"Tigre di carta"

Trump: “Sto valutando di uscire dalla Nato”. Stizza di Starmer: “Alleanza militare più forte al mondo”

Secondo il tycoon, il rifiuto degli alleati di inviare navi da guerra per riaprire lo Stretto di Hormuz segnala che l’Europa non è più considerata un partner affidabile in materia di difesa

Trump: “Sto valutando di uscire dalla Nato”. Stizza di Starmer: “Alleanza militare più forte al mondo”

Donald Trump, intervistato in esclusiva dal Telegraph, ha aperto uno scenario di forte tensione internazionale, dichiarando di valutare seriamente la possibilità di ritirare gli Stati Uniti dalla Nato, dopo che l’alleanza si è rifiutata di sostenere la sua guerra contro l’Iran.

Il presidente americano ha definito l’alleanza una “tigre di carta”, sottolineando che l’uscita degli Stati Uniti dal trattato di difesa sarebbe ormai “irrevocabile”. Secondo Trump, il rifiuto degli alleati di inviare navi da guerra per riaprire lo Stretto di Hormuz segnala che l’Europa non è più considerata un partner affidabile in materia di difesa.

Londra nel mirino: critiche alla Royal Navy e a Starmer

Trump ha poi rivolto dure critiche alla Gran Bretagna e al premier Keir Starmer, accusandolo di non voler intervenire nella guerra israelo-americana contro l’Iran.
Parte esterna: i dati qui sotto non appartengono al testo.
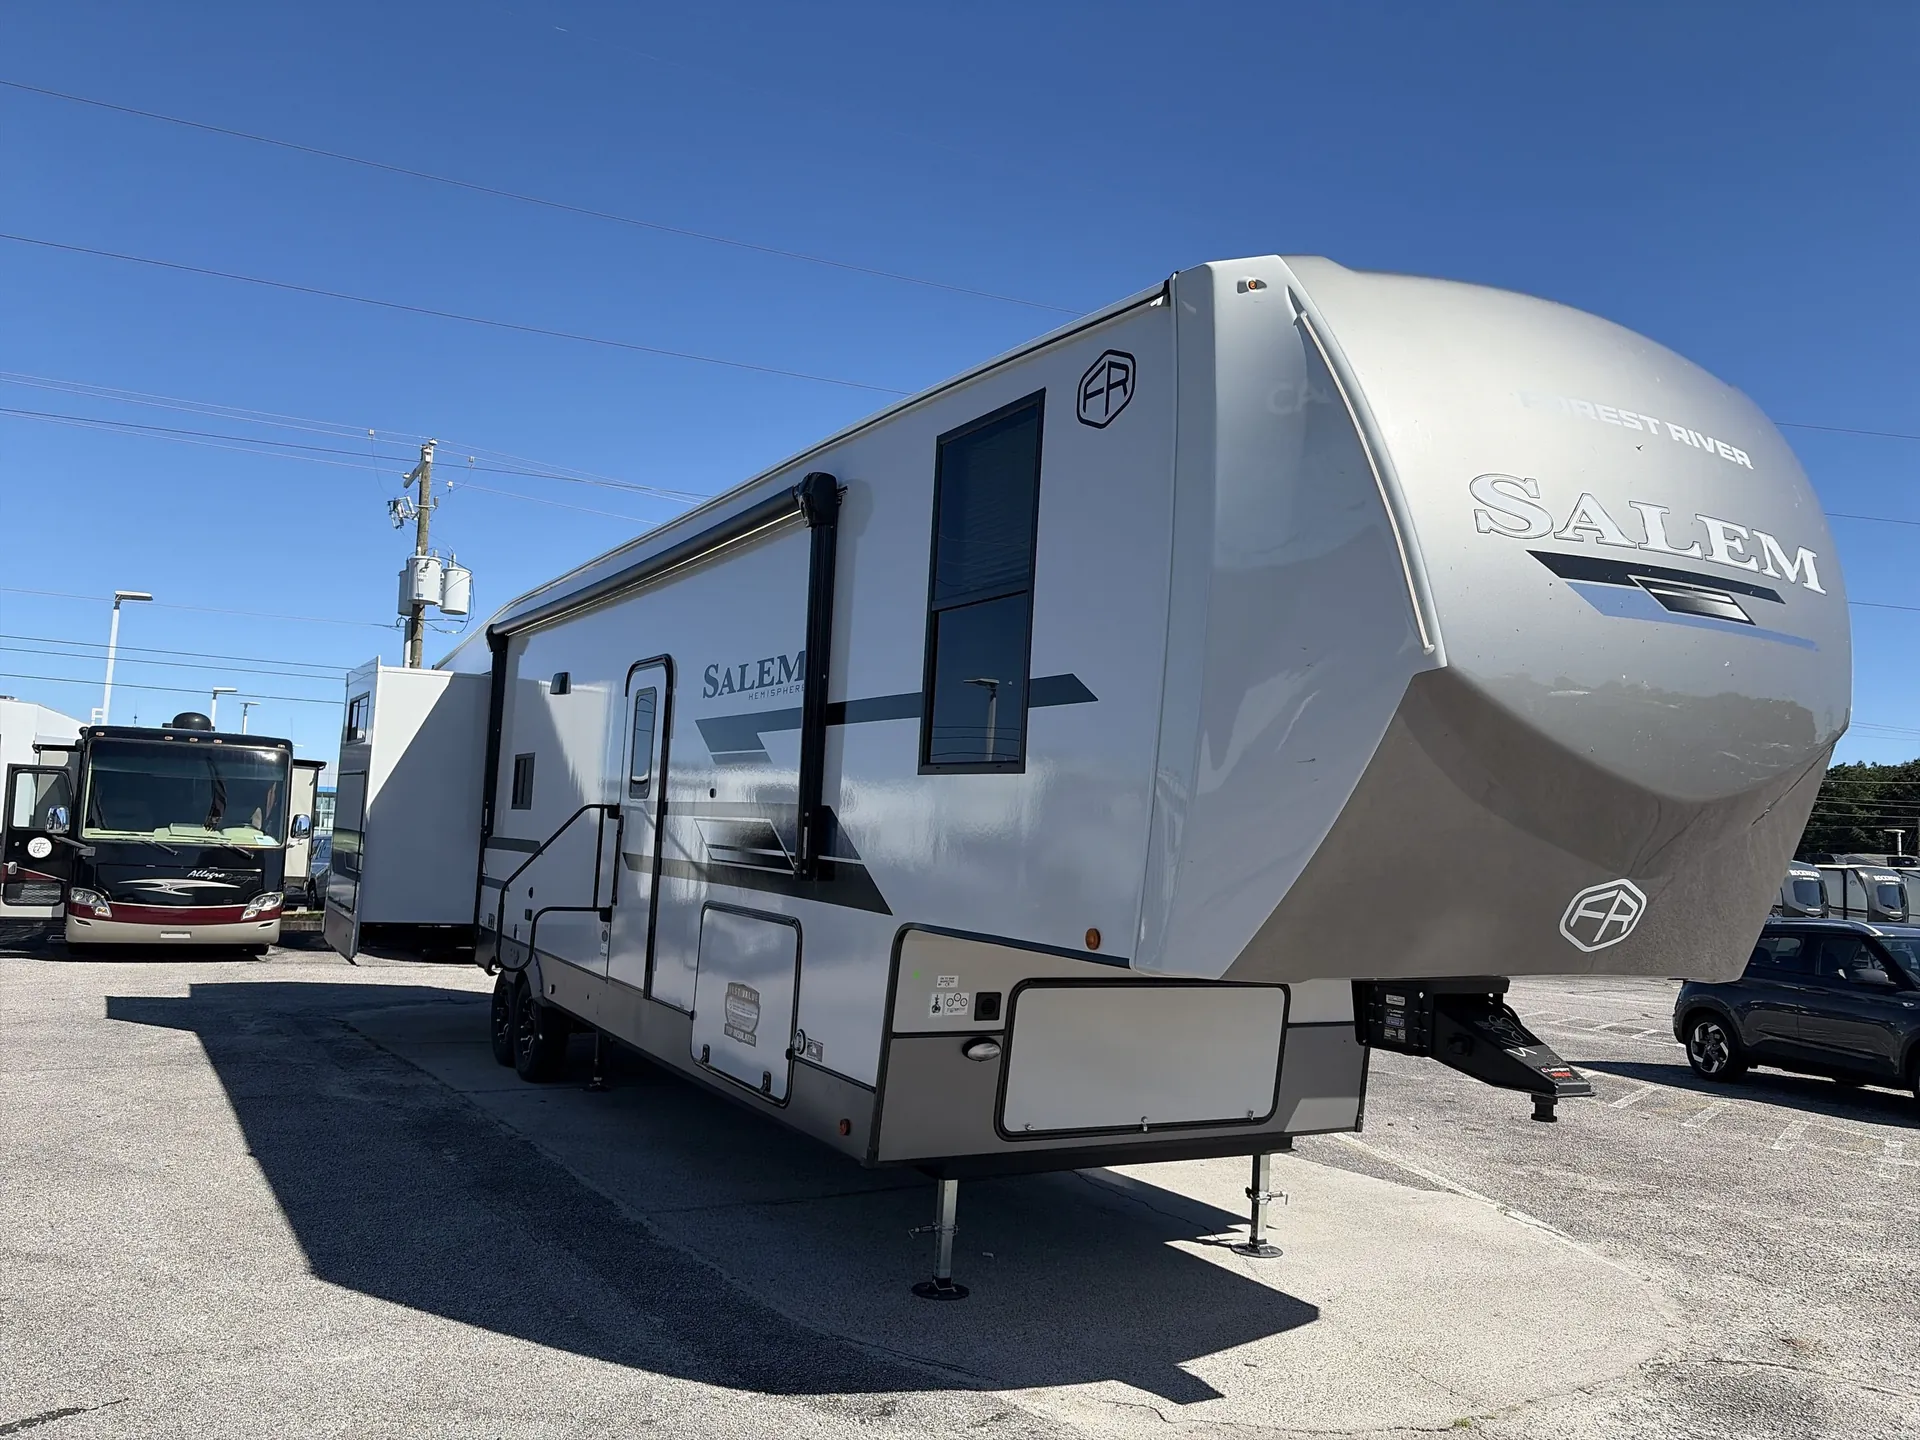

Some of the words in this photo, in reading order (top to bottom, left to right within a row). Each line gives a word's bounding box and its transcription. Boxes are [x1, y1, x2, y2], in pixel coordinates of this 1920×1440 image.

“Non avete nemmeno una marina. Siete troppo vecchi e avevate portaerei che non funzionavano”, ha affermato Trump, riferendosi allo stato della flotta britannica.

Trump: "Sto valutando di uscire dalla Nato". Stizza di Starmer: "Alleanza militare più forte al mondo"
Keir Starmer

Interrogato sulla possibilità che il primo ministro britannico debba aumentare la spesa per la difesa, Trump ha precisato:

“Non ho intenzione di dirgli cosa fare. Può fare quello che vuole. Non importa. Tutto ciò che Starmer vuole sono costose pale eoliche che stanno facendo schizzare alle stelle i prezzi dell’energia”.

Critiche agli alleati sulla gestione di Hormuz e Ucraina

Il presidente statunitense ha denunciato la riluttanza dei partner della Nato ad aiutare a riaprire lo Stretto di Hormuz, attraverso il quale transita circa il 20% del petrolio mondiale.

“Oltre al fatto di non essere presente, era davvero difficile da credere. E non ho fatto una grande opera di persuasione. Ho solo detto ‘Ehi’, sapete, non ho insistito troppo. Penso solo che dovrebbe essere automatico”, ha dichiarato Trump.

In merito al conflitto in Ucraina, il presidente ha aggiunto: “Siamo sempre stati presenti, Ucraina compresa. L’Ucraina non era un nostro problema. Era una prova, e noi eravamo lì per loro, e lo saremmo sempre stati. Loro non erano lì per noi”.

Fra le misure allo studio della Casa Bianca c’è la riforma della Nato per penalizzare i Paesi membri che non rispettano gli impegni di spesa, con un modello “pay-to-play” che limiterebbe il peso decisionale dei Paesi meno impegnati sul piano militare. Non si esclude inoltre un ridimensionamento della presenza militare statunitense in Europa, con particolare attenzione alla Germania.

La posizione di Marco Rubio: una Nato a senso unico

A rafforzare la linea dura dell’amministrazione Trump è intervenuto il segretario di Stato Marco Rubio, in un’intervista a Fox News. Rubio ha definito l’alleanza come una “strada a senso unico” e ha avvertito che al termine del conflitto sarà inevitabile “riesaminare” il rapporto con gli alleati, soprattutto per il mancato accesso alle basi militari europee richiesto da Washington.

La replica britannica: Starmer difende la Nato

A stretto giro la replica piccata del premier britannico Keir Starmer  – fra i maggiori bersagli delle critiche del tycoon – che ha risposto alle accuse definendo la Nato “l’alleanza militare più efficace al mondo”. Dichiarazione che rappresenta una presa di posizione chiara.